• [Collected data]
►

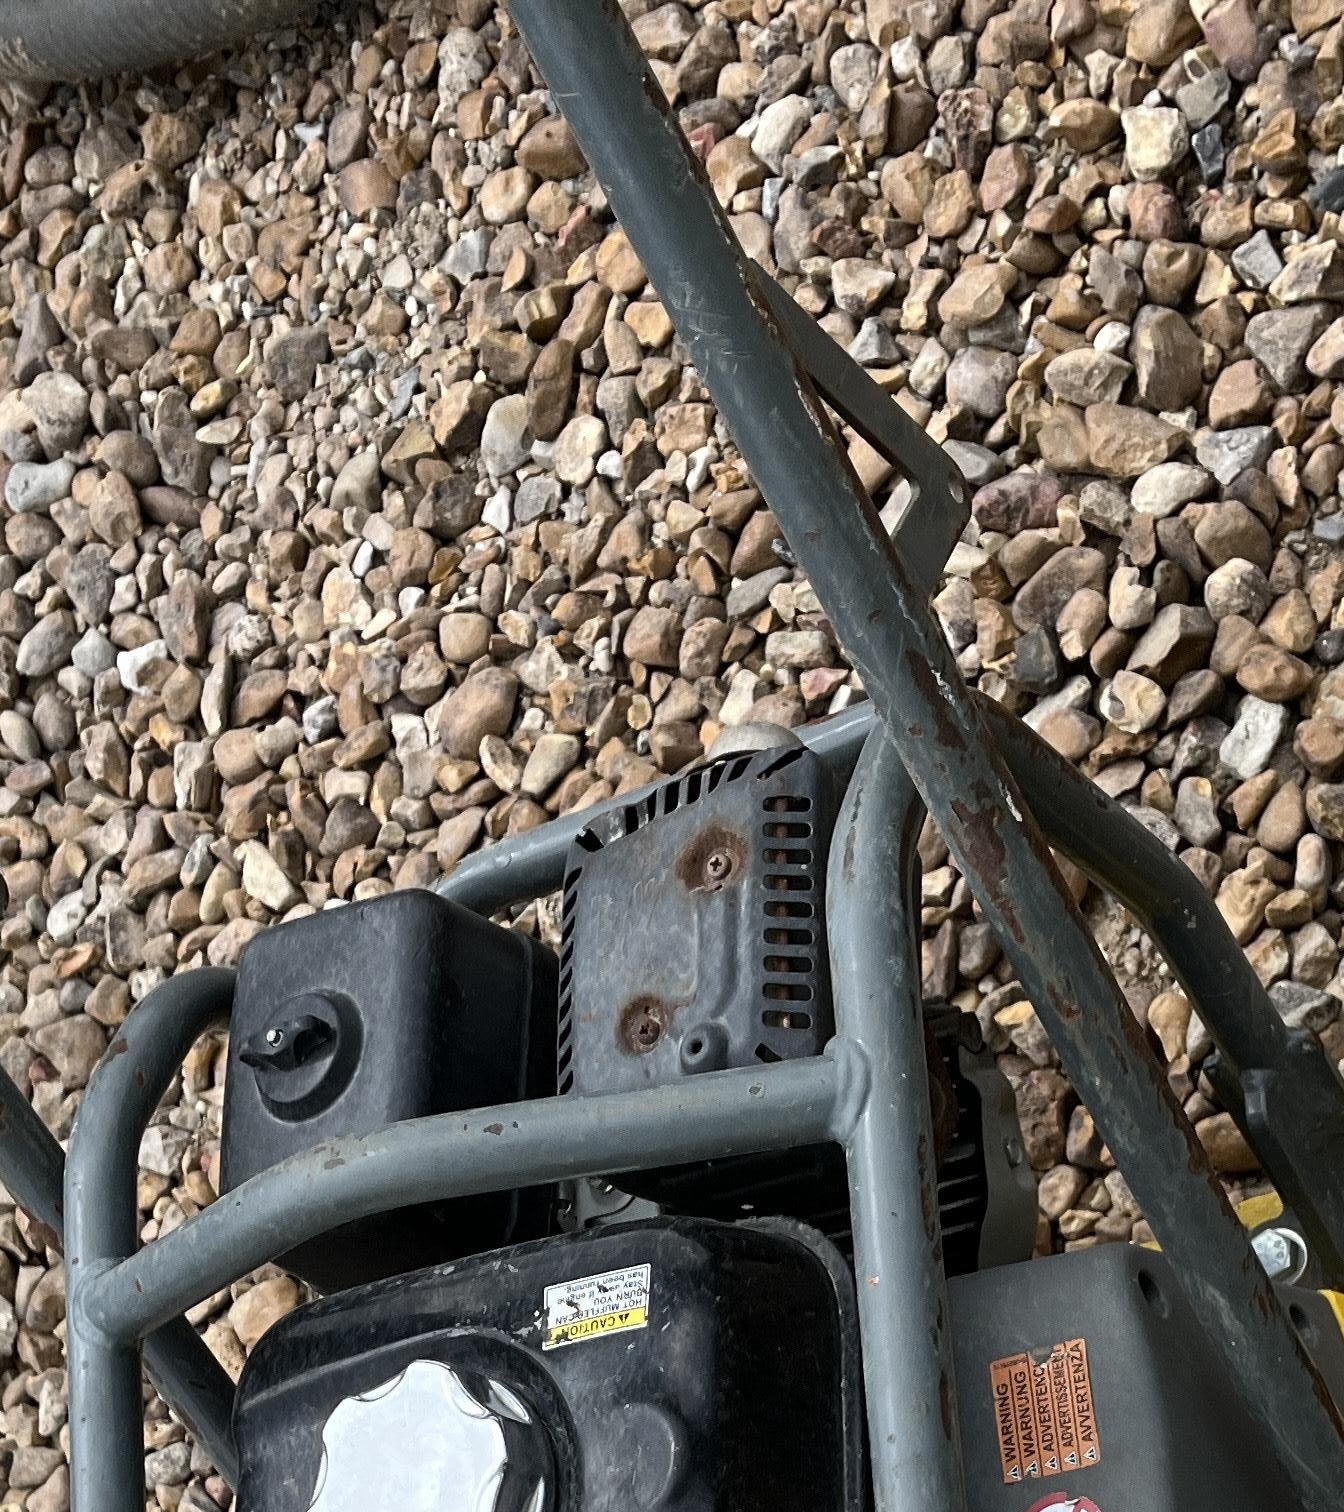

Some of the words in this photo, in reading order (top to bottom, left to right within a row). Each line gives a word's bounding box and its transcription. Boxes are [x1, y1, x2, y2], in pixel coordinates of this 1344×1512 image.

[593, 1295, 612, 1305] YOU
[623, 1280, 643, 1290] Stay
[997, 1383, 1016, 1463] WARNING
[1014, 1371, 1036, 1458] WARNUNG
[1070, 1343, 1094, 1442] AVVERTENZA
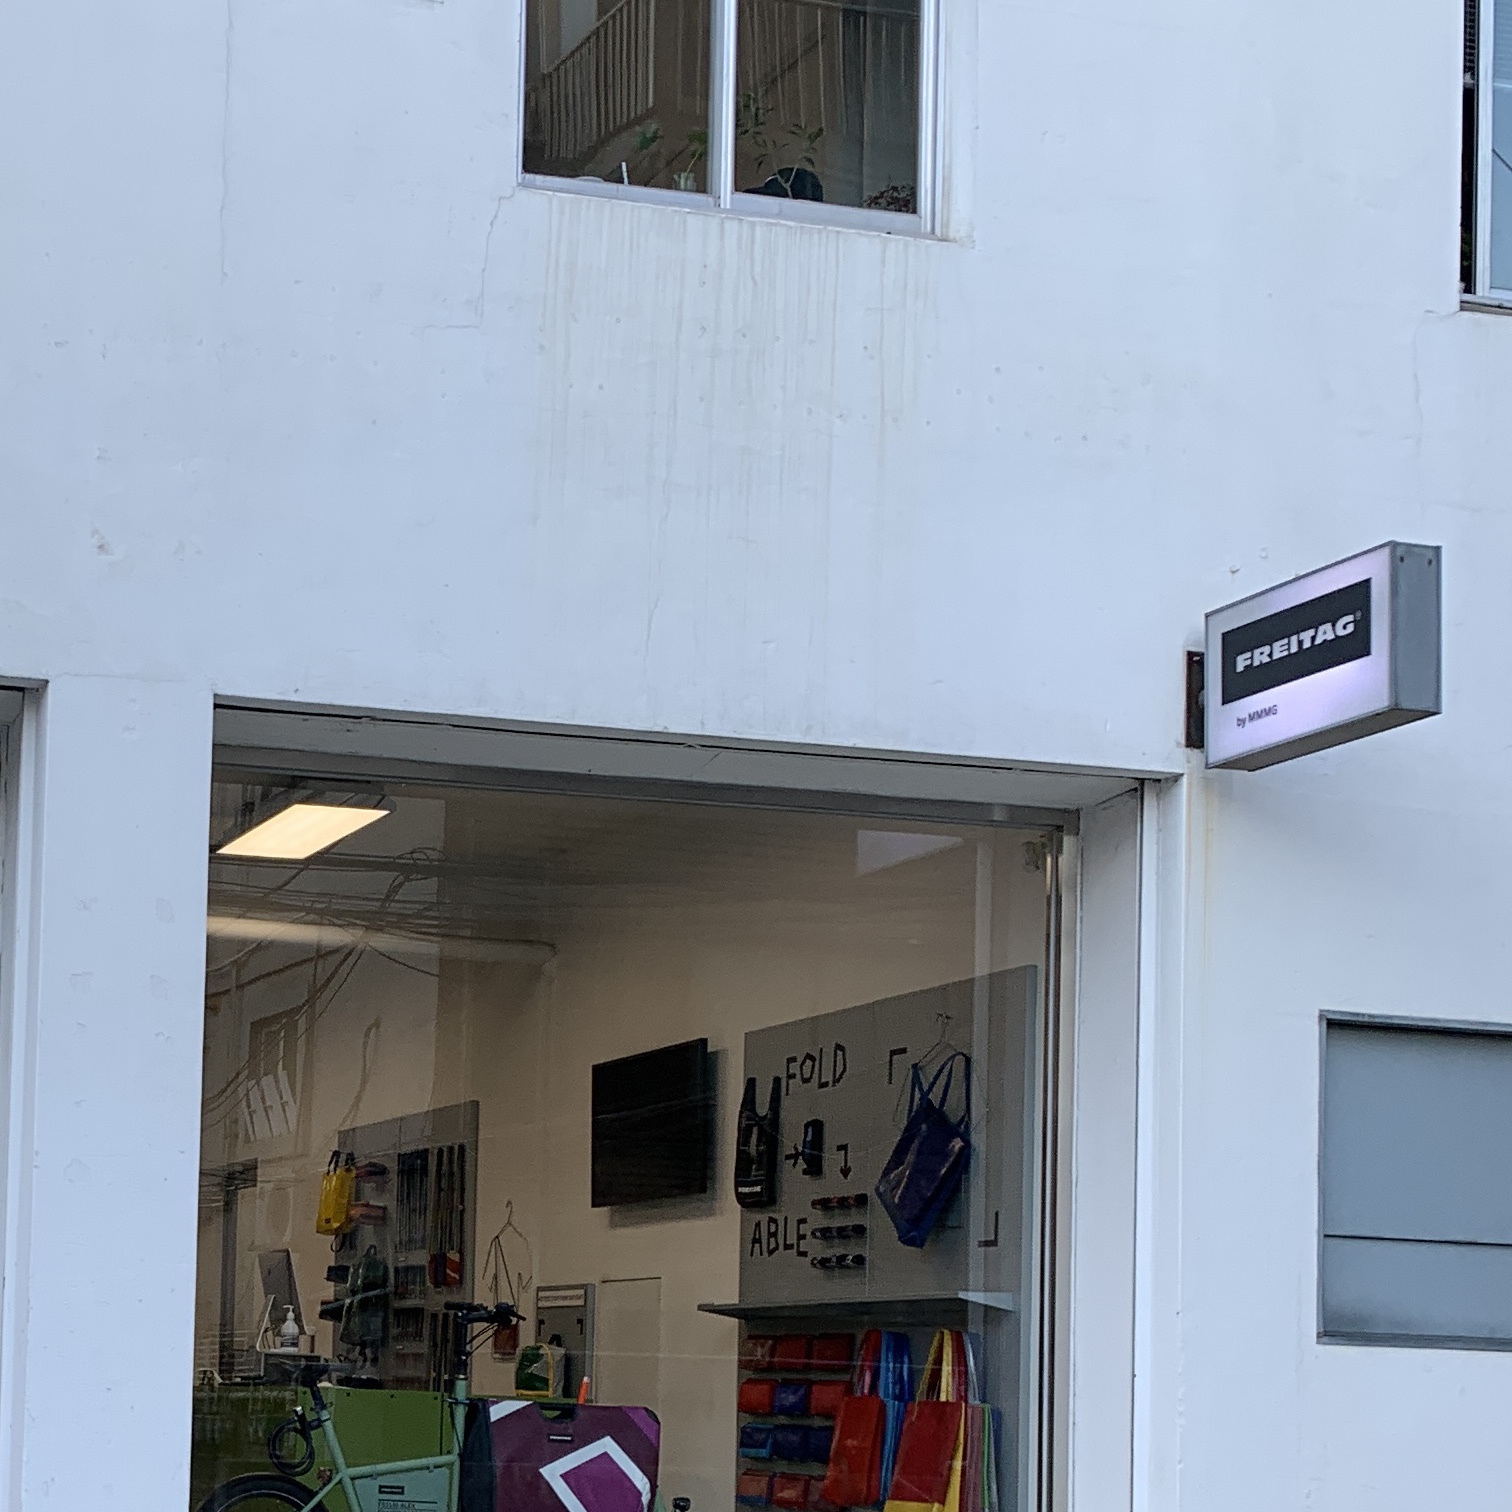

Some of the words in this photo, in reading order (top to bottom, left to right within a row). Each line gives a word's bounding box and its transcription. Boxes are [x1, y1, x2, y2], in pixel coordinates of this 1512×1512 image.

[1235, 613, 1355, 673] FREITAG
[1236, 716, 1247, 729] by
[1248, 704, 1278, 723] MMMG
[785, 1042, 848, 1097] FOLD
[750, 1216, 809, 1258] ABLE

◄

• [WHAT THE TASK REQUIRES]
Send back exactly the lines from the line with "this 1512×1512 image." through the end of the records.

• [WRITTEN SOLUTION]
Some of the words in this photo, in reading order (top to bottom, left to right within a row). Each line gives a word's bounding box and its transcription. Boxes are [x1, y1, x2, y2], in pixel coordinates of this 1512×1512 image.

[1235, 613, 1355, 673] FREITAG
[1236, 716, 1247, 729] by
[1248, 704, 1278, 723] MMMG
[785, 1042, 848, 1097] FOLD
[750, 1216, 809, 1258] ABLE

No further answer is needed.